Being charitable to the Government, it could simply be that local authorities, who have had these intervention powers for a while now, have not been keen enough to use them, and that pupils and their parents are the losers. Mr Balls accused some local authorities in his article of “dragging their feet” on intervention, and refusing to react to poor results by forming plans to turn the school in question into an academy, or to form a partnership with another high-performing school.

This, for me, is the key to the whole debate. When a local authority, or a school, decides to take action which might be seen from afar as not doing enough to tackle underperformance, who is best positioned to make the judgement as to whether this is right or not? For the Government, looking at the statistics of a school’s results from Whitehall, this position may look like complacency. But local people can have all kinds of reasons for deciding to take this course of action: they may not like the form of an academy proposal; they may have reservations about the fact that academies often replace clear local accountability and control by a community with handing power to a sponsor and to the Department for Children, Schools and Families; or they may believe that the school’s management is best placed to lead it under the current arrangements. Although institutional changes will give the impression that something is being done, many will argue that the key to good schooling is the quality of teacher-pupil interaction in the classroom, and simply changing institutional structures, which can be traumatic for pupils, may not be answer.

They may, then, have legitimate reasons for hesitancy. But our democratic system operates, now, from the political centre with statistics – rather than the day-to-day local engagement with an institution which one might get from, say, visiting it – the prime means by which one “sees” the quality of any school, hospital or whatever. Under this structure, local views can effectively be written off as “complacency”, and Mr Balls’s view is the one that must prevail.
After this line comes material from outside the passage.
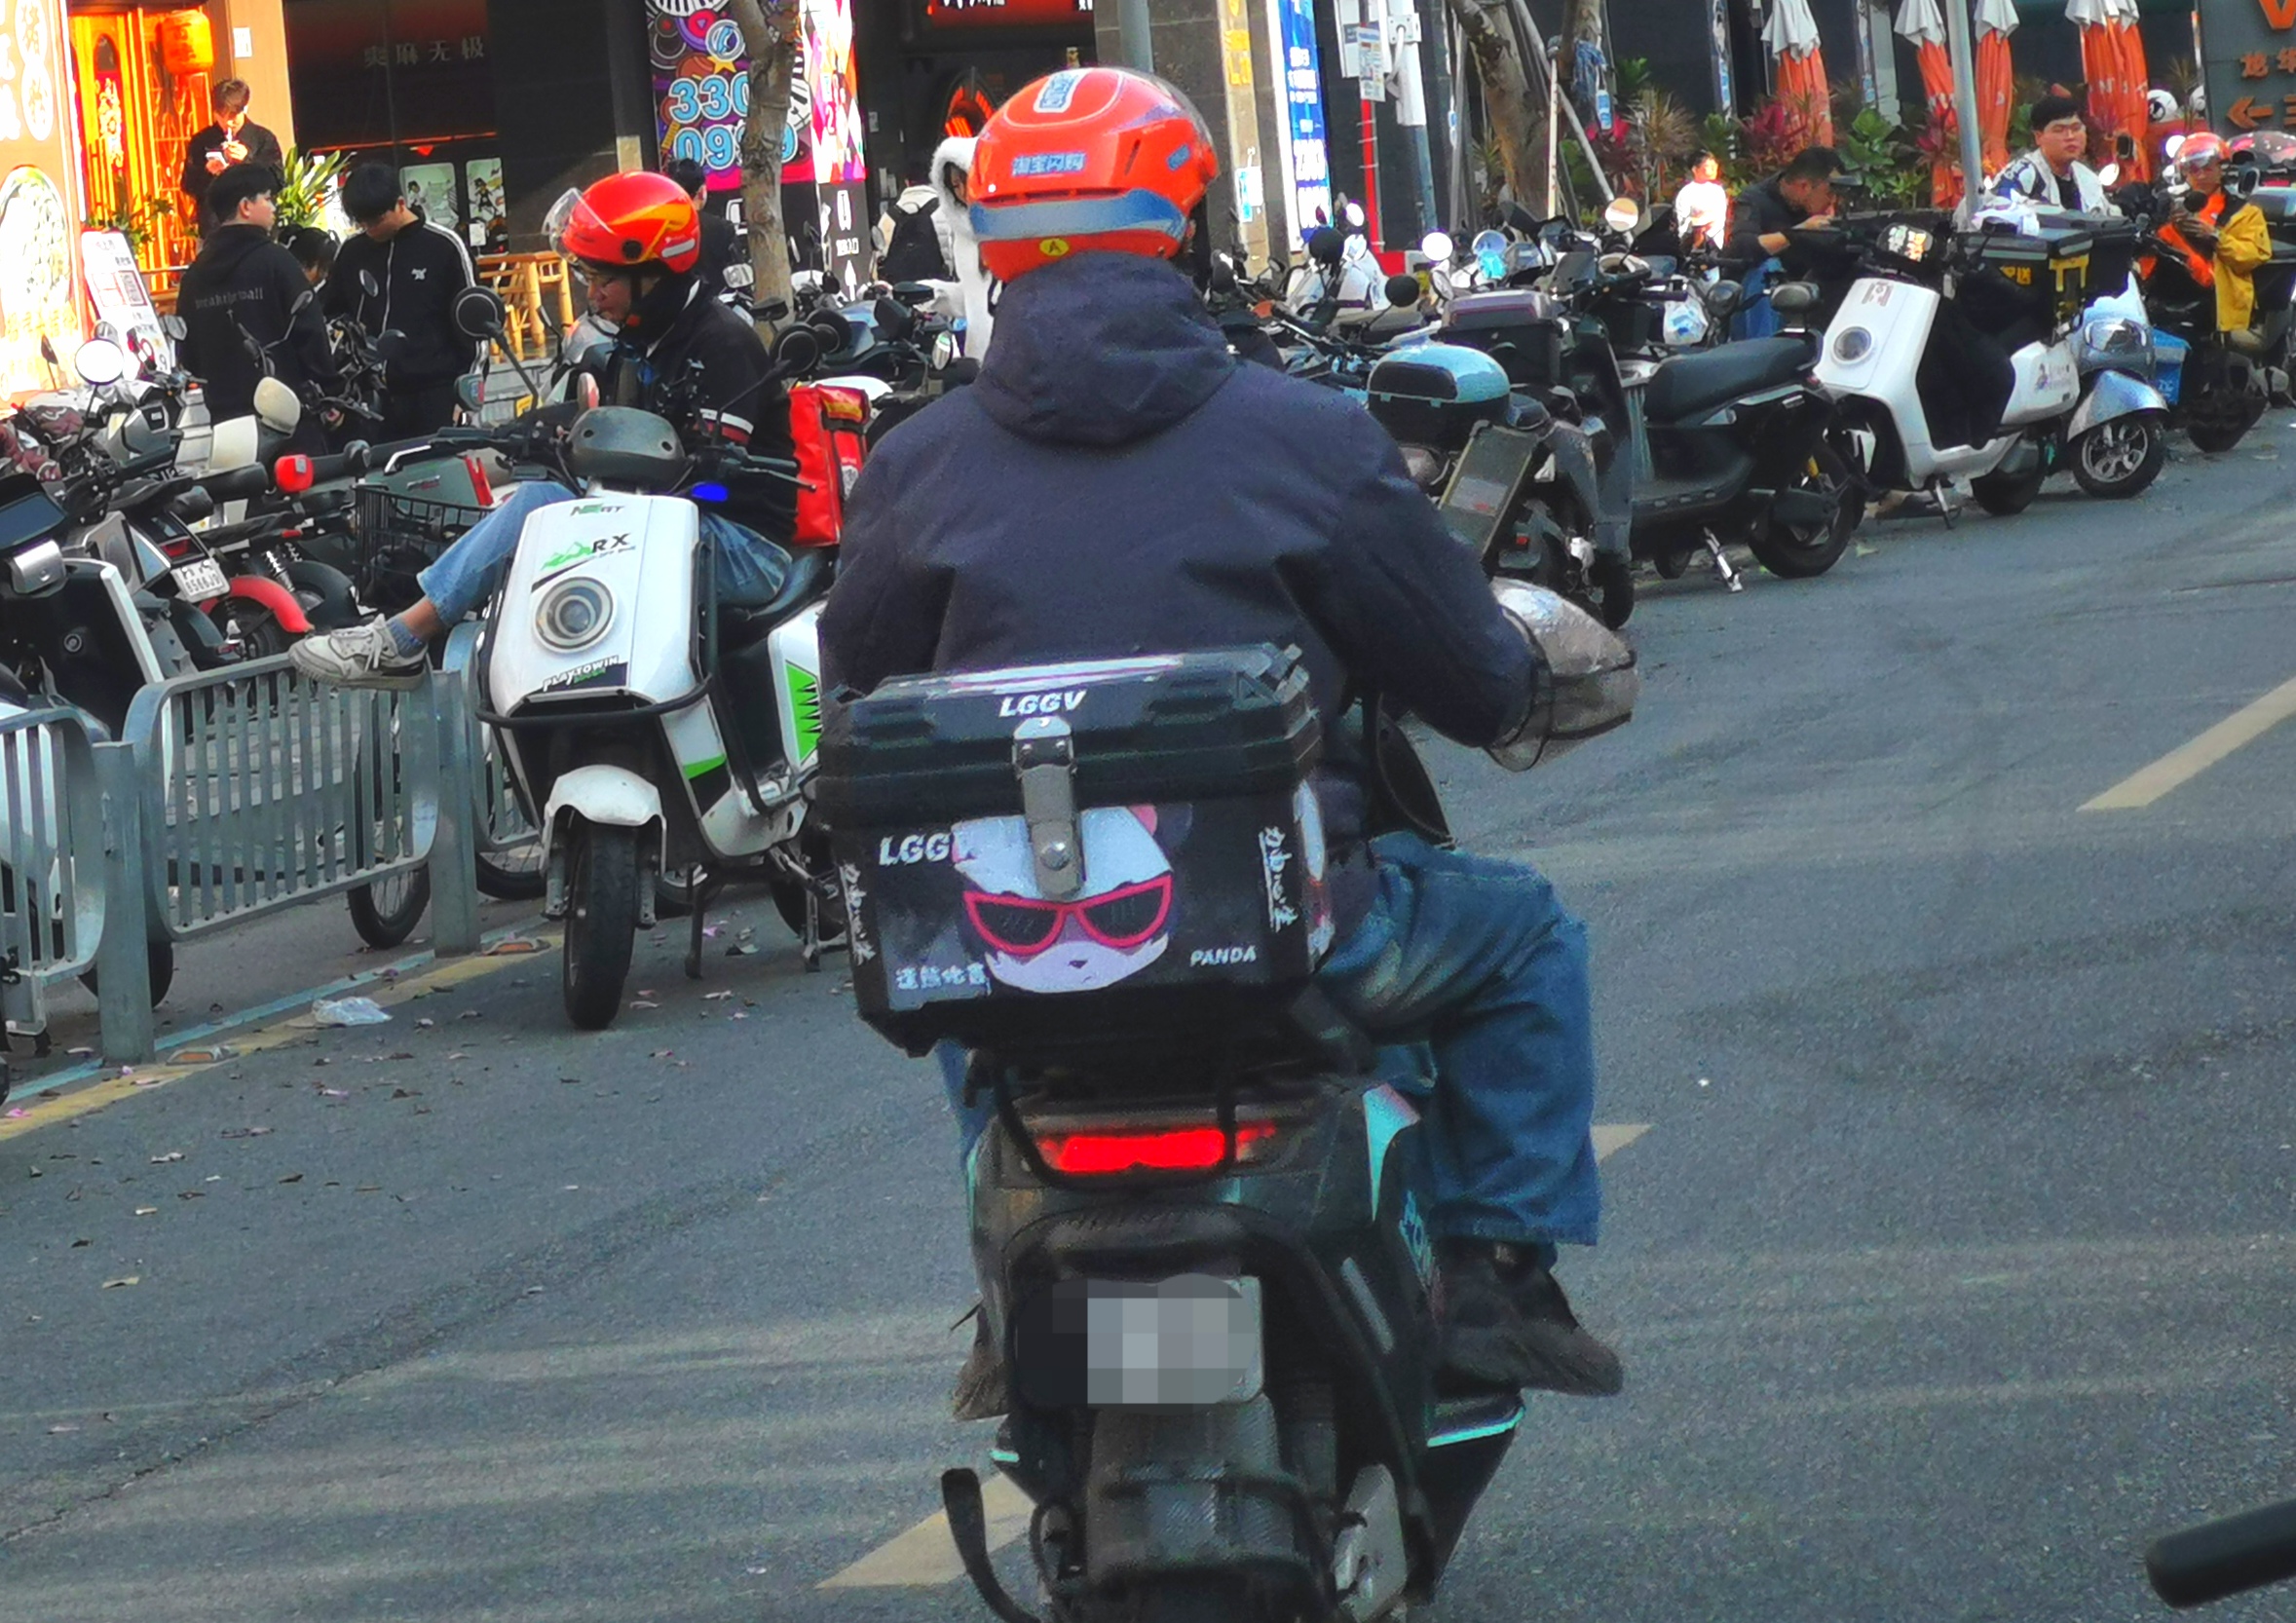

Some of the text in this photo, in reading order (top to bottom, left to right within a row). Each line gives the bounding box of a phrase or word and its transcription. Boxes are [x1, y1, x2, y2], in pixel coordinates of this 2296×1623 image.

[543, 656, 619, 693] PLAYTOWIN
[998, 689, 1088, 718] LGGV
[1189, 944, 1258, 967] PANDA
The true wisdom of what to do in any given situation, then, comes from Whitehall and Westminster, backed by results spreadsheets. But crucially, of course, as argued in my book, the accountability that occurs here is at the at-times superficial level of the official stats; it cannot see the prices that are sometimes paid by pupils in the drive to raise the numbers, such as the focus on particular courses, particular pupils or through teaching to the test.

As should be clear, these arrangements now vest a lot of trust in the Secretary of State, the one person through which democratic accountability effectively now travels. Under this line of argument, he is the guard against complacency within the public sector: by teachers, heads and local authorities. And, in taking action to intervene, he will always act in the public interest because…the public interest is for our schools to improve, as measured by the Secretary of State’s performance measures. Anyone questioning this is, by extension, simply another of those looking to excuse decades of underperformance.

There are a huge number of questions behind all of this. Perhaps the most pressing, though, is whether the exam numbers themselves, which have improved over recent decades, represent true progress, or something else. If it’s the latter – and, as my book argues, “gaming” of the system to generate the results it demands is likely to be a factor in some of the gains – big prices may be being paid.

 *The Conservatives will also be in on the act if elected: Michael Gove, Mr Balls’s shadow, promised in his speech to the party’s annual conference to take tough action in struggling schools as soon as/if they are elected. I am told that this will use Ofsted inspections as a key judging mechanism, rather than only relying on stats.